─── Given information ───

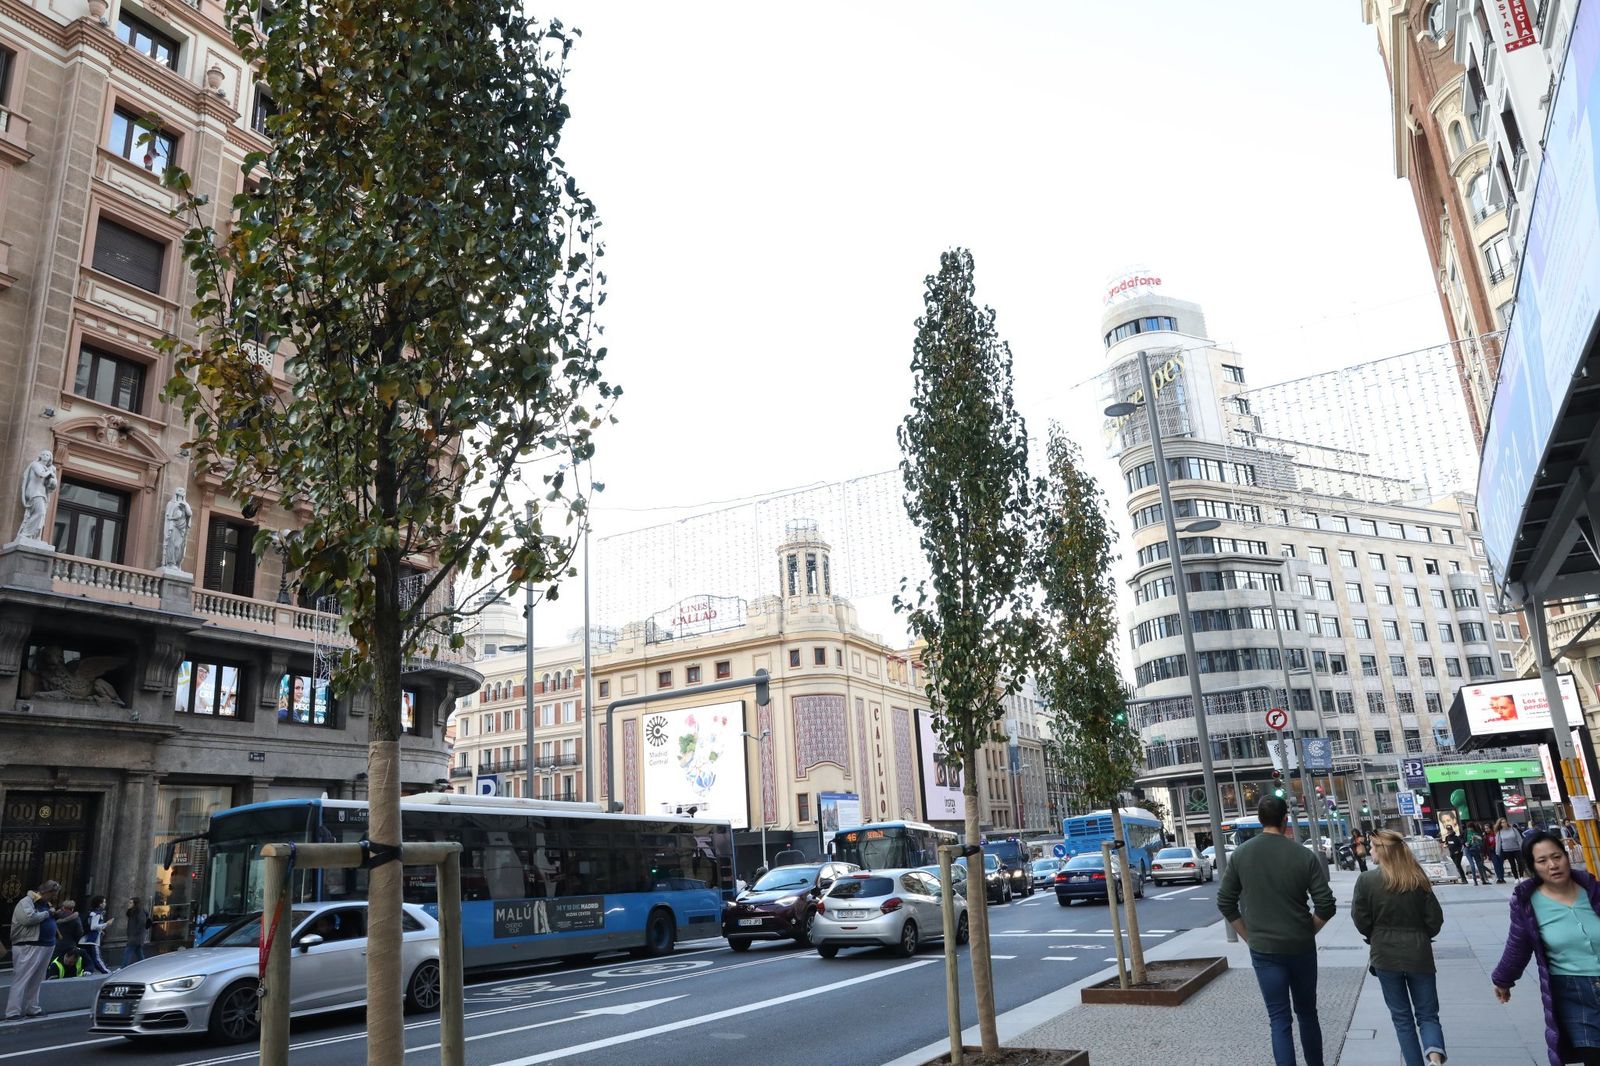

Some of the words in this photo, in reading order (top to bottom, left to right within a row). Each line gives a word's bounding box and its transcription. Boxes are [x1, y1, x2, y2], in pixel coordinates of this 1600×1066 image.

[1496, 0, 1513, 37] STAL
[1108, 276, 1162, 297] vodafone
[671, 610, 717, 626] CALLAO
[873, 708, 886, 814] CALLAO
[847, 832, 857, 842] 46
[496, 905, 532, 922] MALÚ
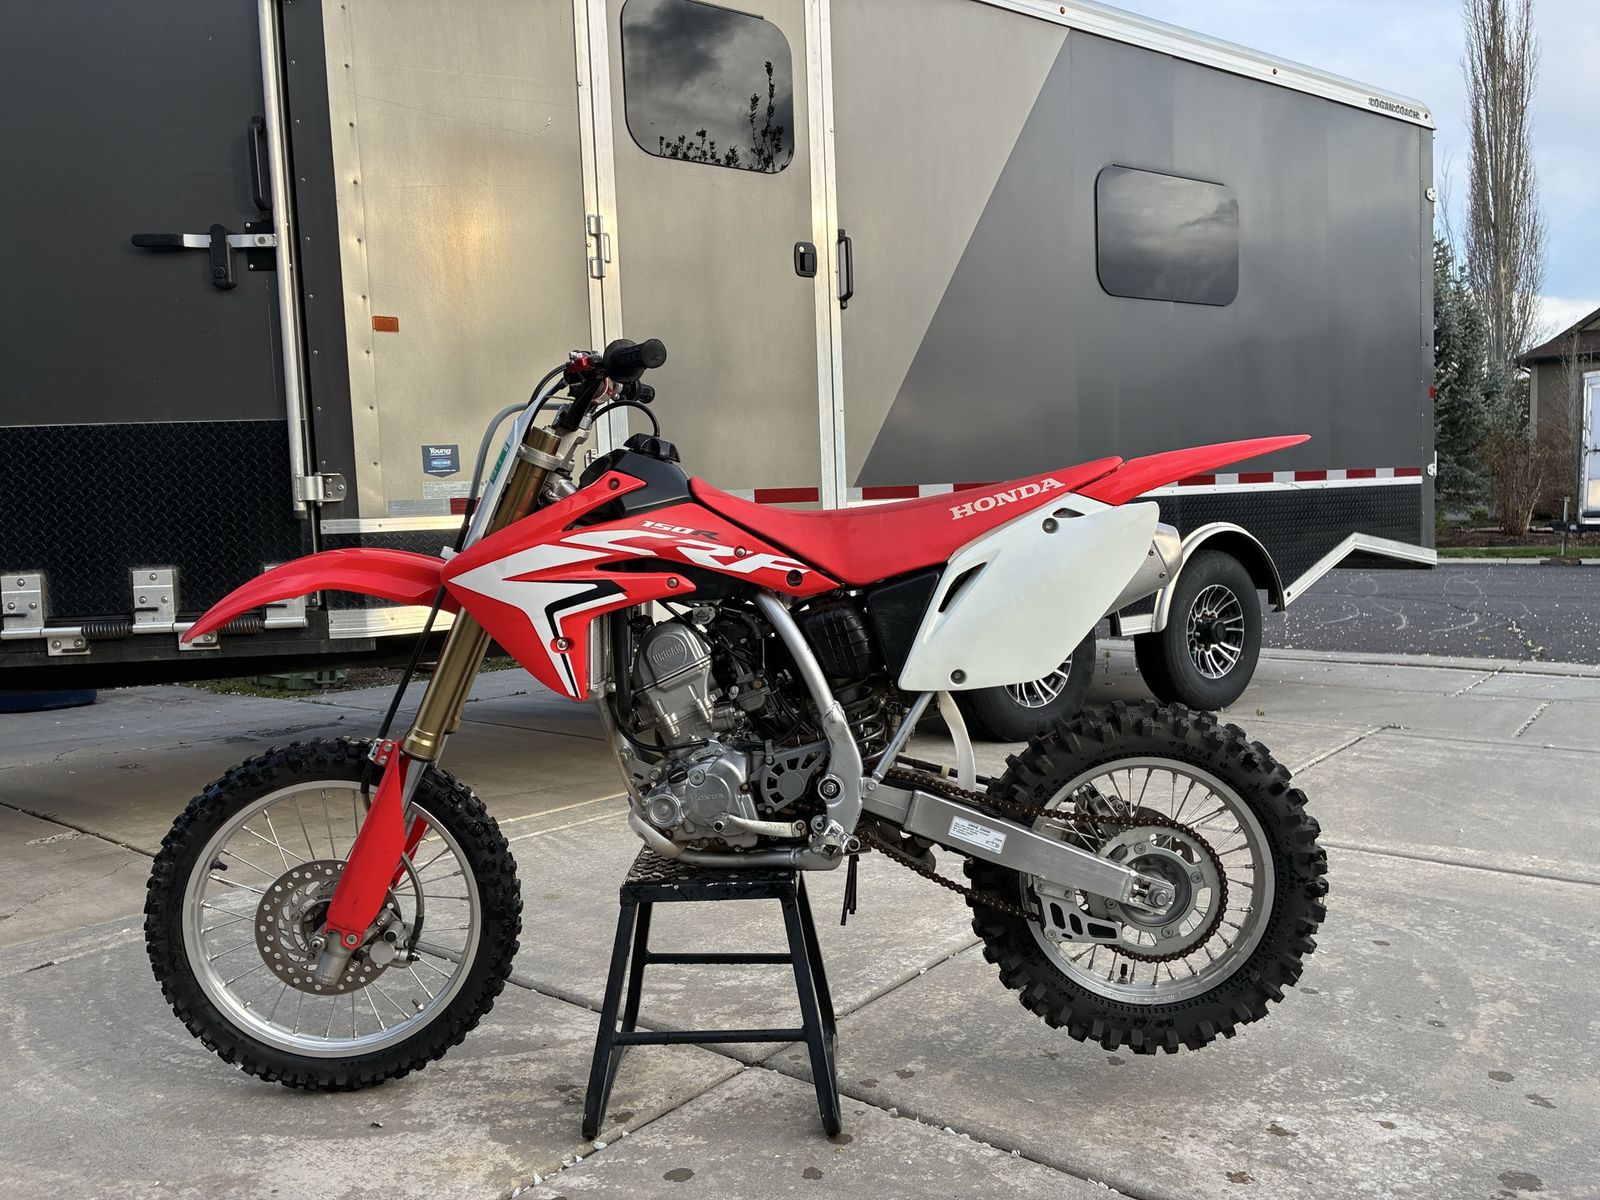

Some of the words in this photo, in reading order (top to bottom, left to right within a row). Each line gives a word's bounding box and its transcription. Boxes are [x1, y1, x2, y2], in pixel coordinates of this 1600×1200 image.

───

→ What this task involves:
Every line of the data above should be returned exactly, with the pictures removed.

→ Written reply:
Some of the words in this photo, in reading order (top to bottom, left to right within a row). Each line gives a word's bounding box and its transcription. Boxes are [x1, y1, x2, y2], in pixel coordinates of this 1600×1066 image.

[1496, 0, 1513, 37] STAL
[1108, 276, 1162, 297] vodafone
[671, 610, 717, 626] CALLAO
[873, 708, 886, 814] CALLAO
[847, 832, 857, 842] 46
[496, 905, 532, 922] MALÚ

Some of the words in this photo, in reading order (top to bottom, left to right within a row). Each line gives a word's bounding box and its transcription. Boxes are [x1, y1, x2, y2], in pixel coordinates of this 1600×1200 image.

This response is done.